Free-text object descriptions
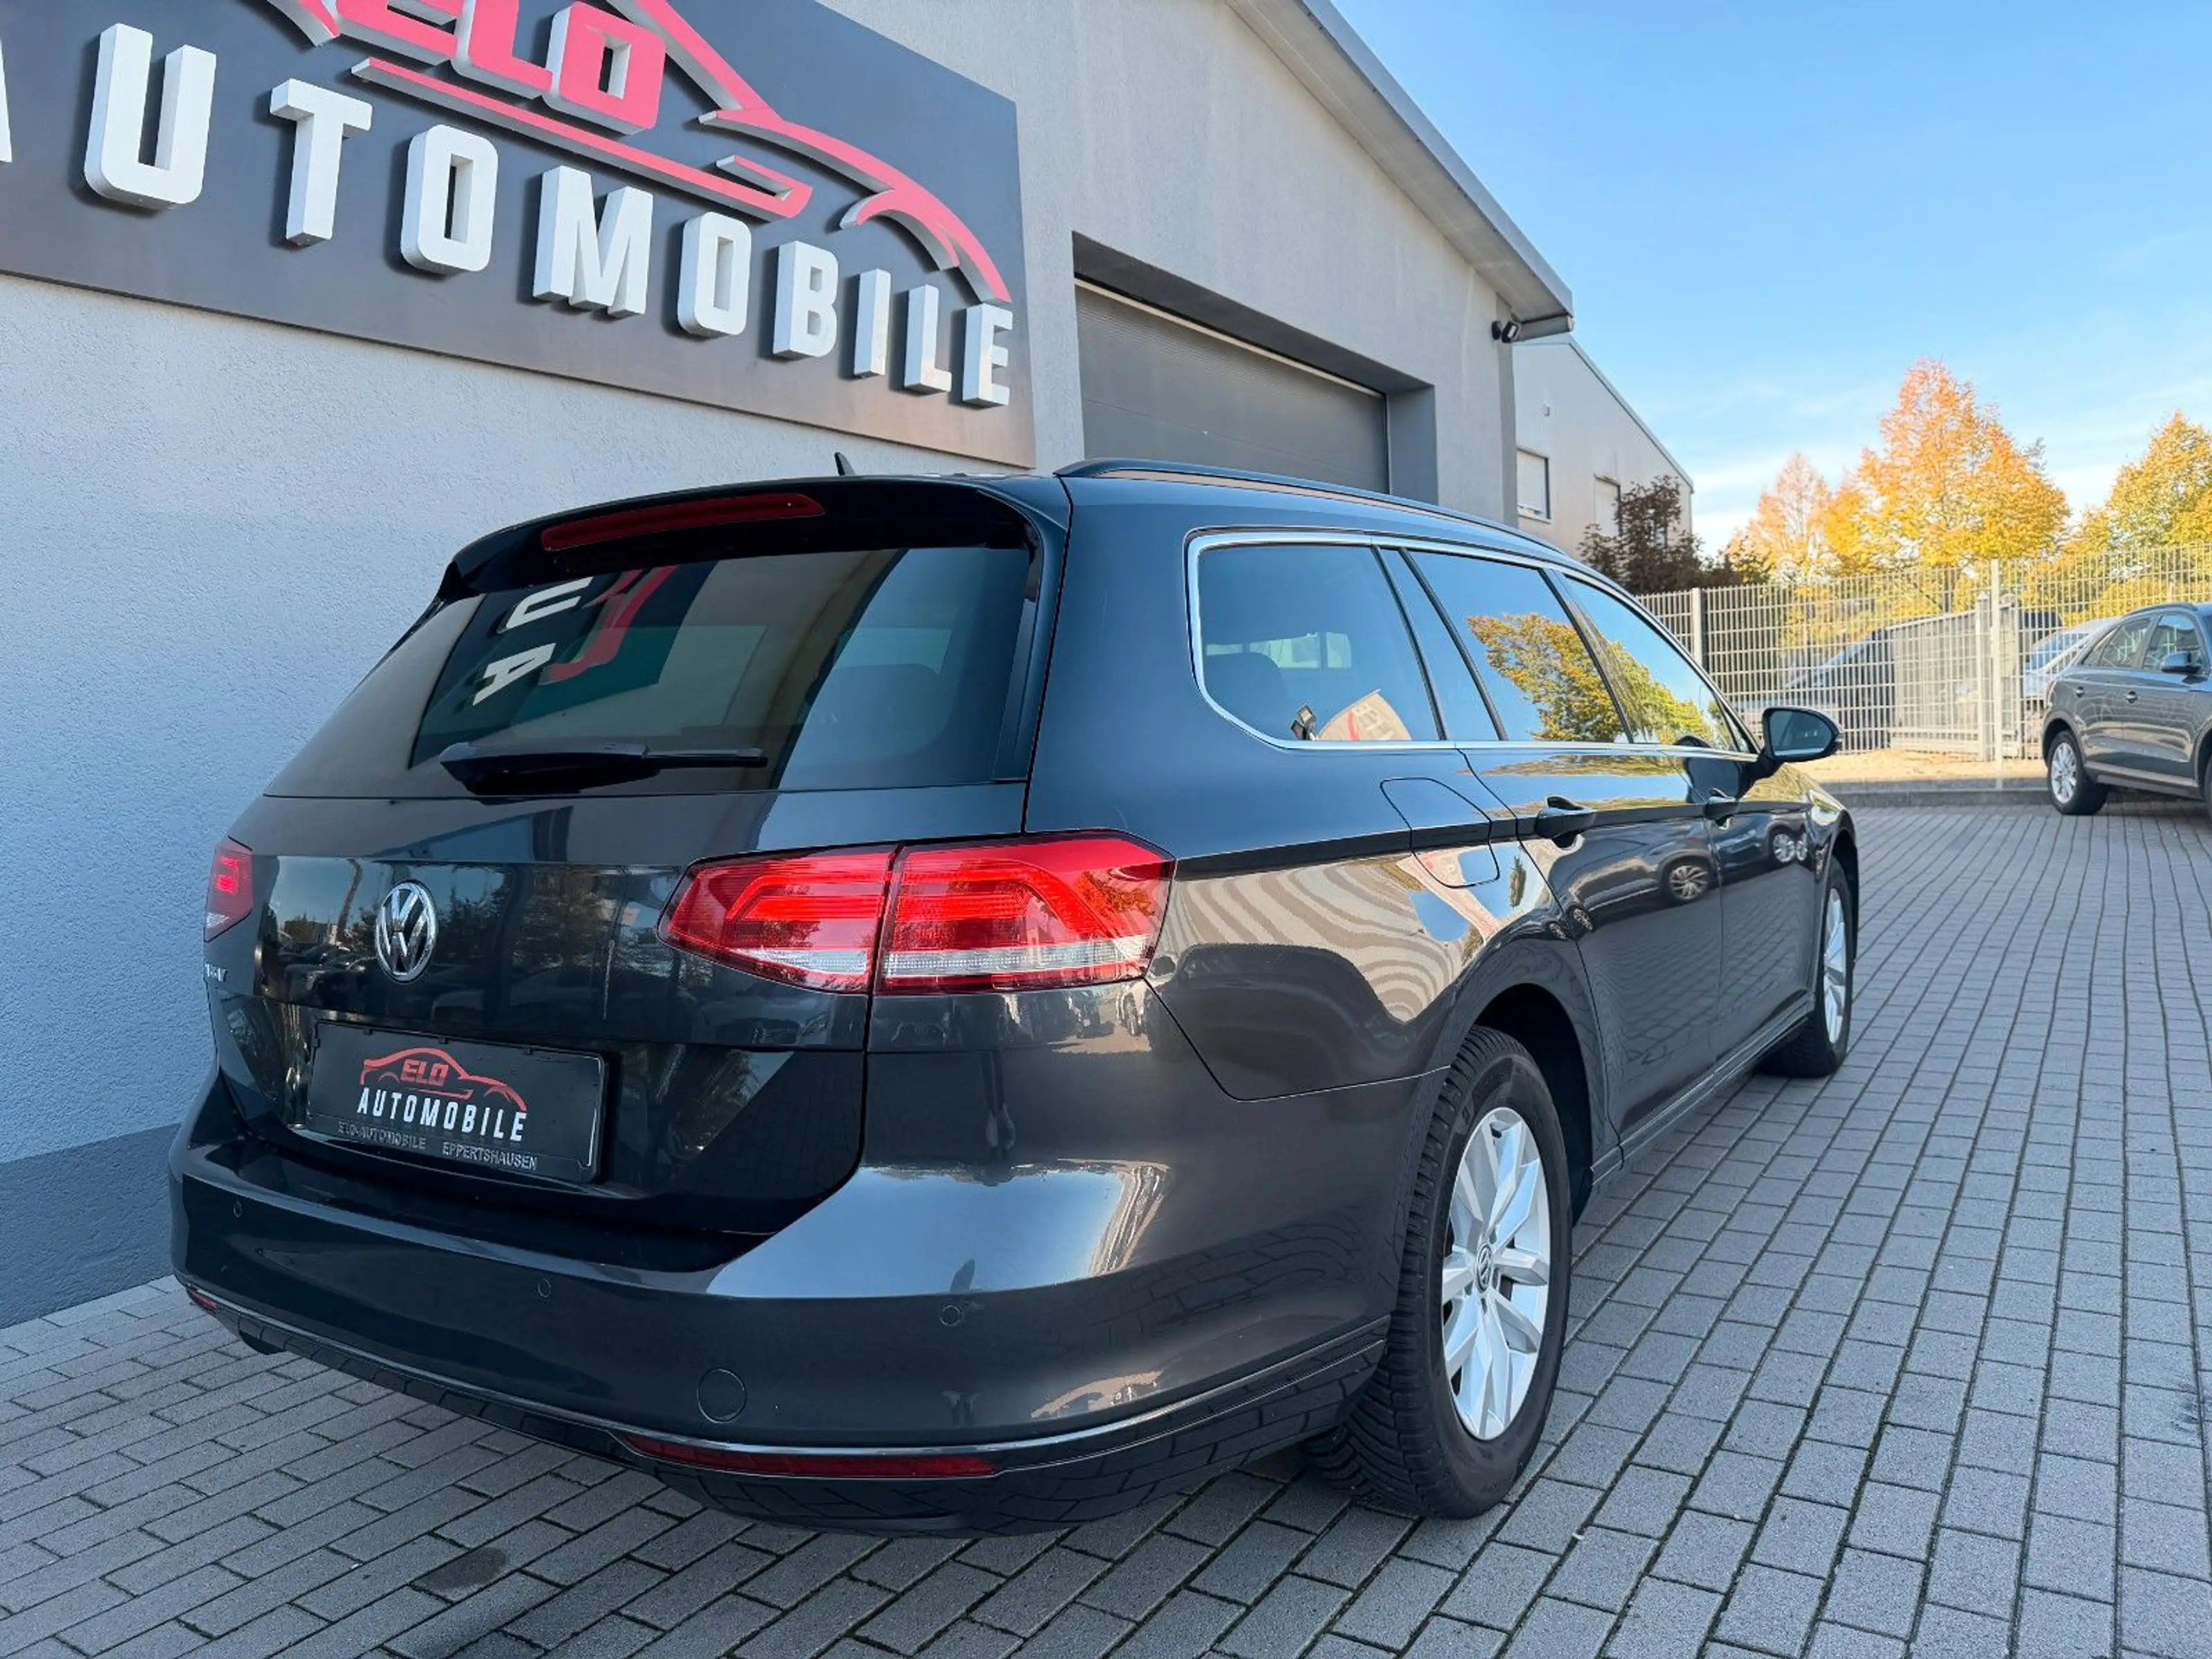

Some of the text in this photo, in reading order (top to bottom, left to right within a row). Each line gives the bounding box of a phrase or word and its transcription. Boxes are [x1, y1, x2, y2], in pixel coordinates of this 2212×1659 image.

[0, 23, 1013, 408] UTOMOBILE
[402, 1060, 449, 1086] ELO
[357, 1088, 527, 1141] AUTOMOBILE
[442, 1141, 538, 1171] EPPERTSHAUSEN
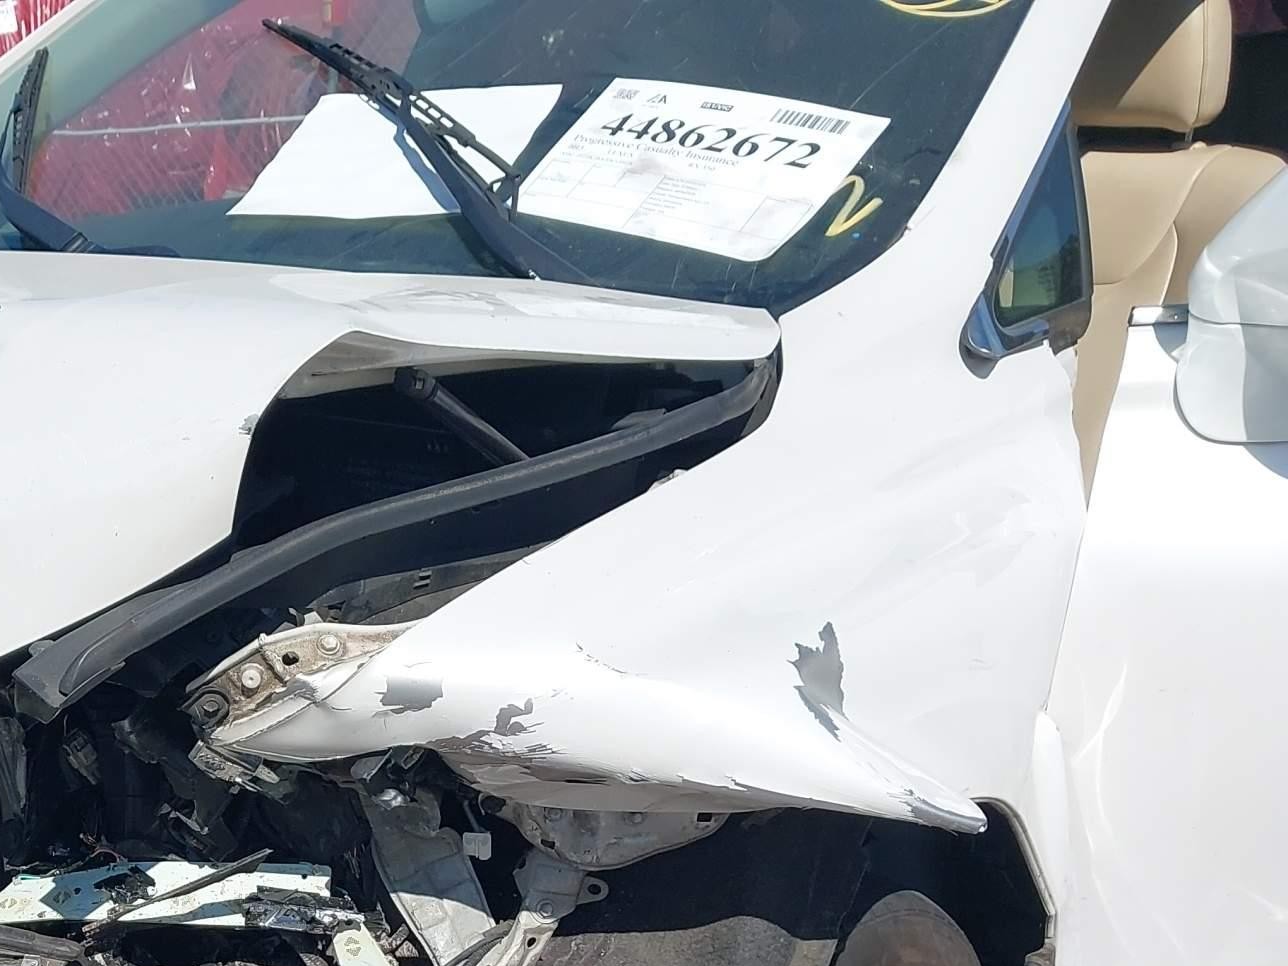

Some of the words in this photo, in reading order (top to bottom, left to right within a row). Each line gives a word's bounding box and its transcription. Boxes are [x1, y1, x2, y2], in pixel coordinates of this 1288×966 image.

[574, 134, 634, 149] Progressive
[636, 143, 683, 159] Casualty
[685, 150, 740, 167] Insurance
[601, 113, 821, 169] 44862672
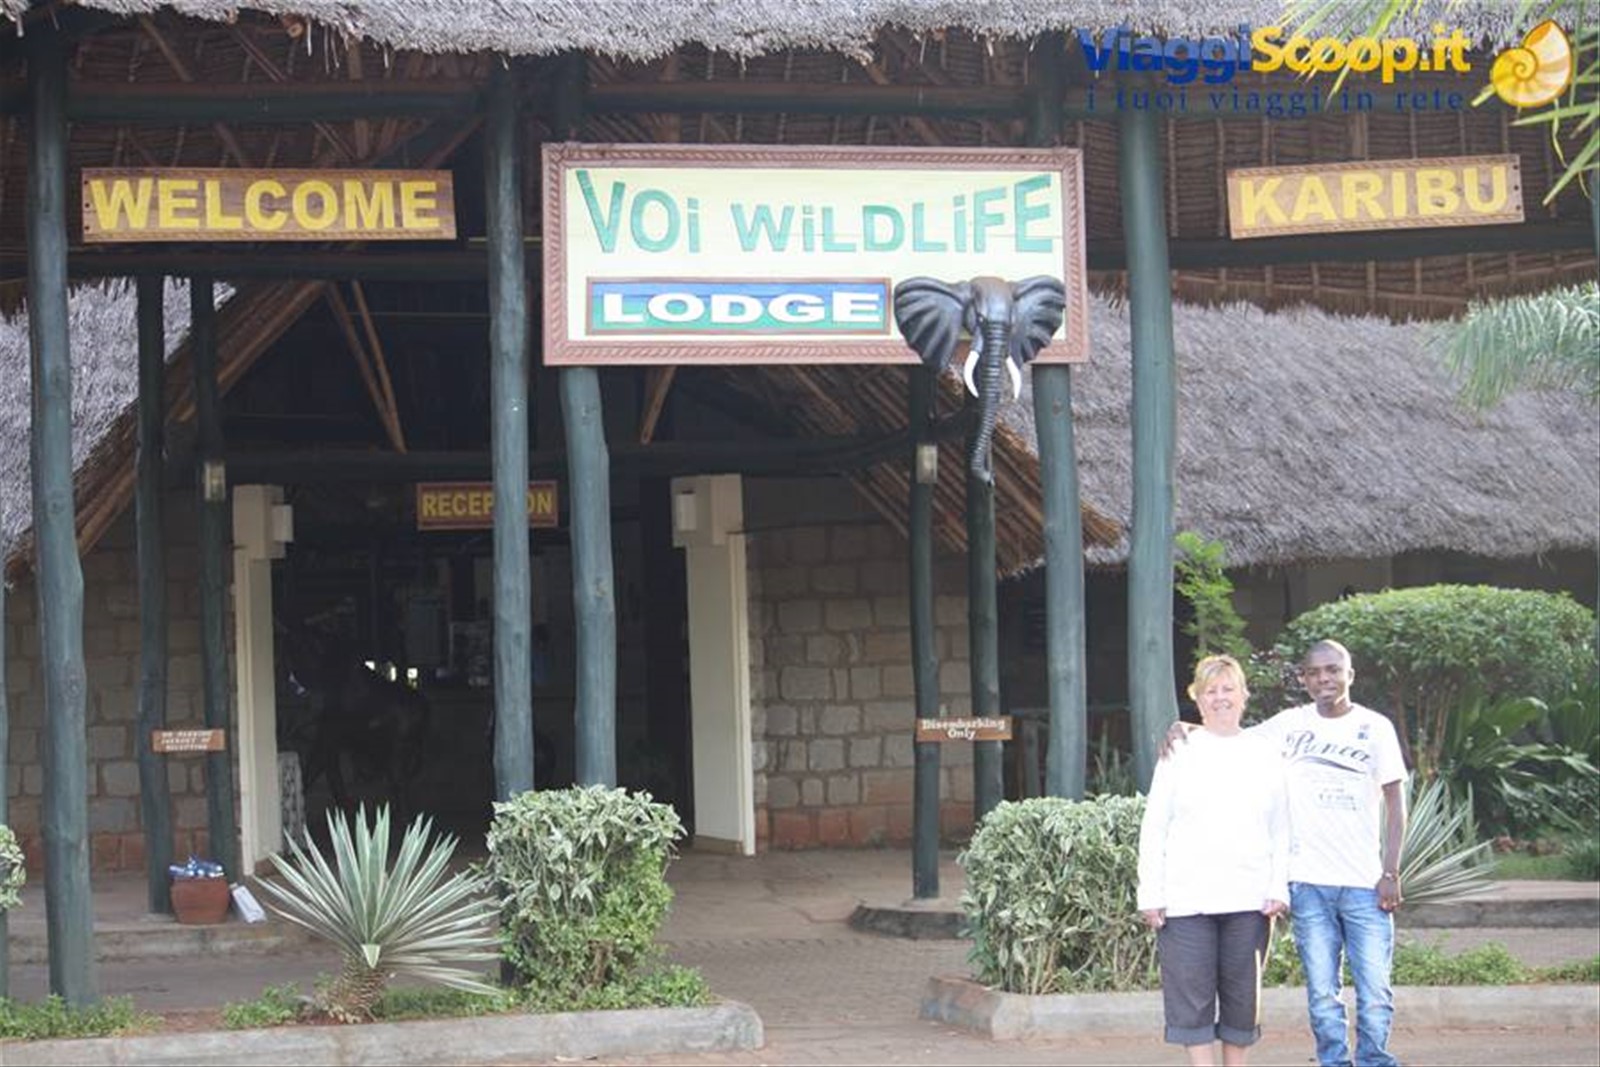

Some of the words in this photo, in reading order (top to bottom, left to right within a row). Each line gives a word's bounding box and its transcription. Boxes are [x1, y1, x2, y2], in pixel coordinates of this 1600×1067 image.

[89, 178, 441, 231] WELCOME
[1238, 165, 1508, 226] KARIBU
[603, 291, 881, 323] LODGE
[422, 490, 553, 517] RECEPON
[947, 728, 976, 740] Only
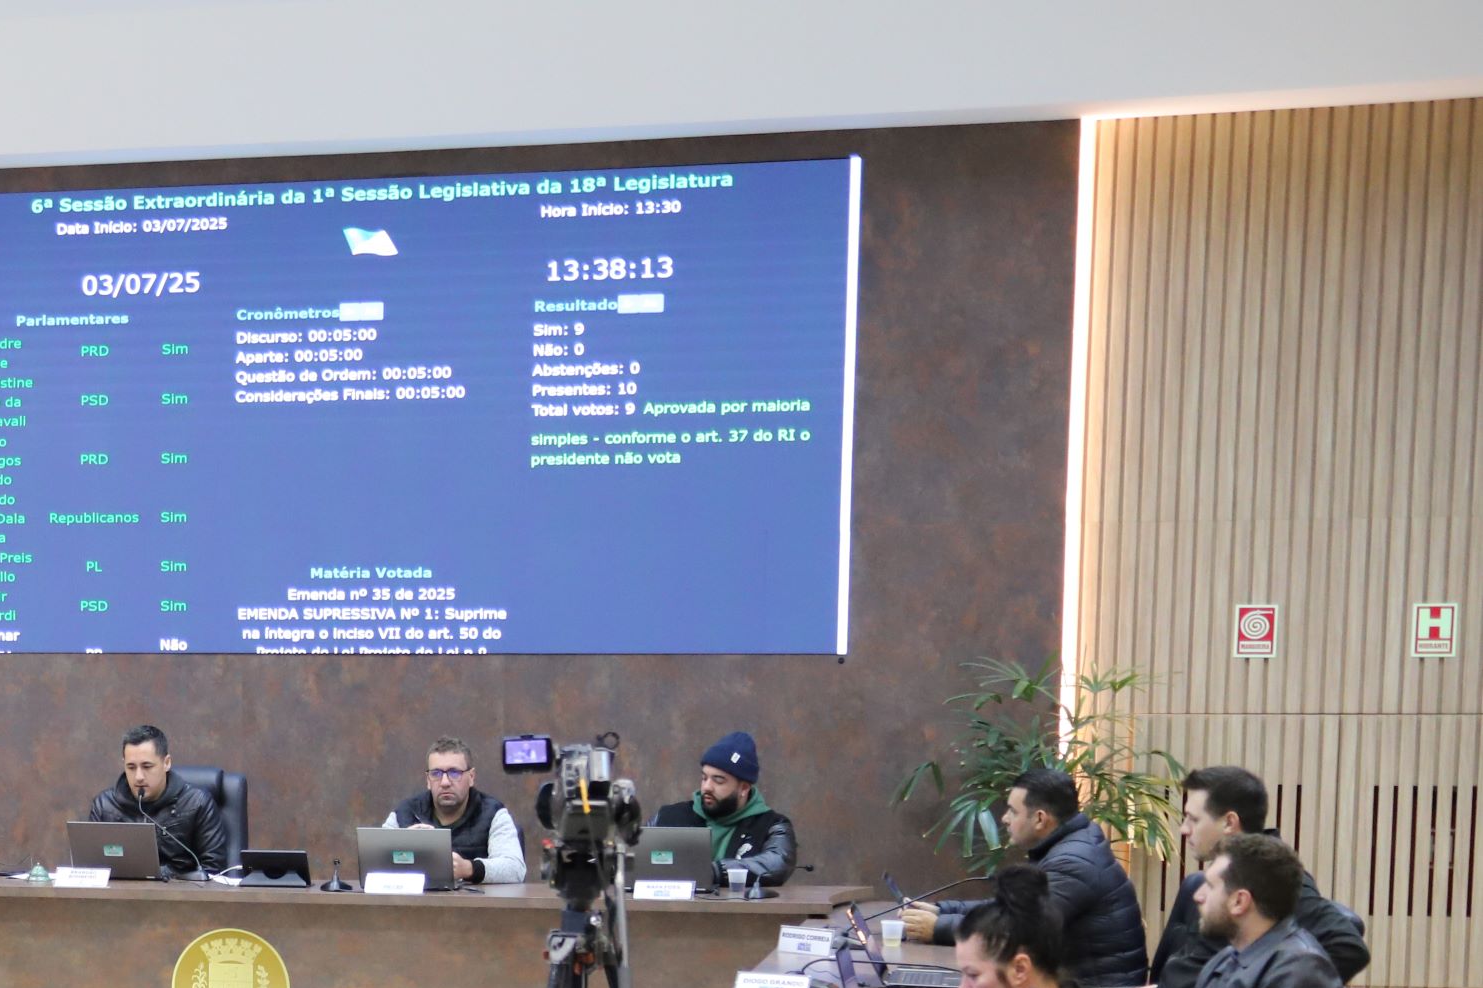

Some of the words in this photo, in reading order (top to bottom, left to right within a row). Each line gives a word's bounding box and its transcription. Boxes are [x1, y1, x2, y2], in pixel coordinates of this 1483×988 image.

**Task item**
Copy exactly the lines from the line containing "this 1600×1067 image." through the last line of the records, both included, and omit every picture.

**Exercise response**
Some of the words in this photo, in reading order (top to bottom, left to right within a row). Each line gives a word's bounding box and its transcription. Boxes are [x1, y1, x2, y2], in pixel coordinates of this 1600×1067 image.

[89, 178, 441, 231] WELCOME
[1238, 165, 1508, 226] KARIBU
[603, 291, 881, 323] LODGE
[422, 490, 553, 517] RECEPON
[947, 728, 976, 740] Only

Some of the words in this photo, in reading order (top to bottom, left to right within a row). Each line gives a word's bounding box and its transcription. Boxes are [x1, y1, x2, y2], in pixel coordinates of this 1483×988 image.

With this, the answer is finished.